** Given data follows **
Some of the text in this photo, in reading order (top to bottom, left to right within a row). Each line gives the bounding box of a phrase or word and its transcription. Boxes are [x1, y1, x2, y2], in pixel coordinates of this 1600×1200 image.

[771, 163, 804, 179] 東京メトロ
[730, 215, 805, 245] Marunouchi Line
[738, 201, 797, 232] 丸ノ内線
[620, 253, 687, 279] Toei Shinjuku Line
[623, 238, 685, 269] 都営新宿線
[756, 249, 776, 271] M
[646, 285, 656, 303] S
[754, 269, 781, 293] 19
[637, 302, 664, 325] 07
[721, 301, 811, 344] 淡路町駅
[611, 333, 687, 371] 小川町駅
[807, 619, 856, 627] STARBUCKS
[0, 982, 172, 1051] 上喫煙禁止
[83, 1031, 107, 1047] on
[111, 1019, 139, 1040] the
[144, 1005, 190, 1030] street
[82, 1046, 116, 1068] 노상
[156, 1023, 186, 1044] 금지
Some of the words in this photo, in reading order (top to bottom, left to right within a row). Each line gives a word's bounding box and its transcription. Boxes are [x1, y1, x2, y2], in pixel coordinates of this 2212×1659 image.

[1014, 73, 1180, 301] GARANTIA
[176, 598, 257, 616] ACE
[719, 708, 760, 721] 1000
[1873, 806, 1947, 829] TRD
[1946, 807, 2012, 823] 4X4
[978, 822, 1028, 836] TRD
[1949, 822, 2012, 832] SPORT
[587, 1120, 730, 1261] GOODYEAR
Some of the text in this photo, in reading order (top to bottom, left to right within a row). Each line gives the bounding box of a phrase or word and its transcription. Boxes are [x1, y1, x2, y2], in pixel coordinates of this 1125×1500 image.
** End of Given data **
§ Exercise requirements:
Each entry above needs to be retyped exactly as it appears.

§ Response to the exercise:
Some of the text in this photo, in reading order (top to bottom, left to right within a row). Each line gives the bounding box of a phrase or word and its transcription. Boxes are [x1, y1, x2, y2], in pixel coordinates of this 1600×1200 image.

[771, 163, 804, 179] 東京メトロ
[730, 215, 805, 245] Marunouchi Line
[738, 201, 797, 232] 丸ノ内線
[620, 253, 687, 279] Toei Shinjuku Line
[623, 238, 685, 269] 都営新宿線
[756, 249, 776, 271] M
[646, 285, 656, 303] S
[754, 269, 781, 293] 19
[637, 302, 664, 325] 07
[721, 301, 811, 344] 淡路町駅
[611, 333, 687, 371] 小川町駅
[807, 619, 856, 627] STARBUCKS
[0, 982, 172, 1051] 上喫煙禁止
[83, 1031, 107, 1047] on
[111, 1019, 139, 1040] the
[144, 1005, 190, 1030] street
[82, 1046, 116, 1068] 노상
[156, 1023, 186, 1044] 금지
Some of the words in this photo, in reading order (top to bottom, left to right within a row). Each line gives a word's bounding box and its transcription. Boxes are [x1, y1, x2, y2], in pixel coordinates of this 2212×1659 image.

[1014, 73, 1180, 301] GARANTIA
[176, 598, 257, 616] ACE
[719, 708, 760, 721] 1000
[1873, 806, 1947, 829] TRD
[1946, 807, 2012, 823] 4X4
[978, 822, 1028, 836] TRD
[1949, 822, 2012, 832] SPORT
[587, 1120, 730, 1261] GOODYEAR
Some of the text in this photo, in reading order (top to bottom, left to right within a row). Each line gives the bounding box of a phrase or word and its transcription. Boxes are [x1, y1, x2, y2], in pixel coordinates of this 1125×1500 image.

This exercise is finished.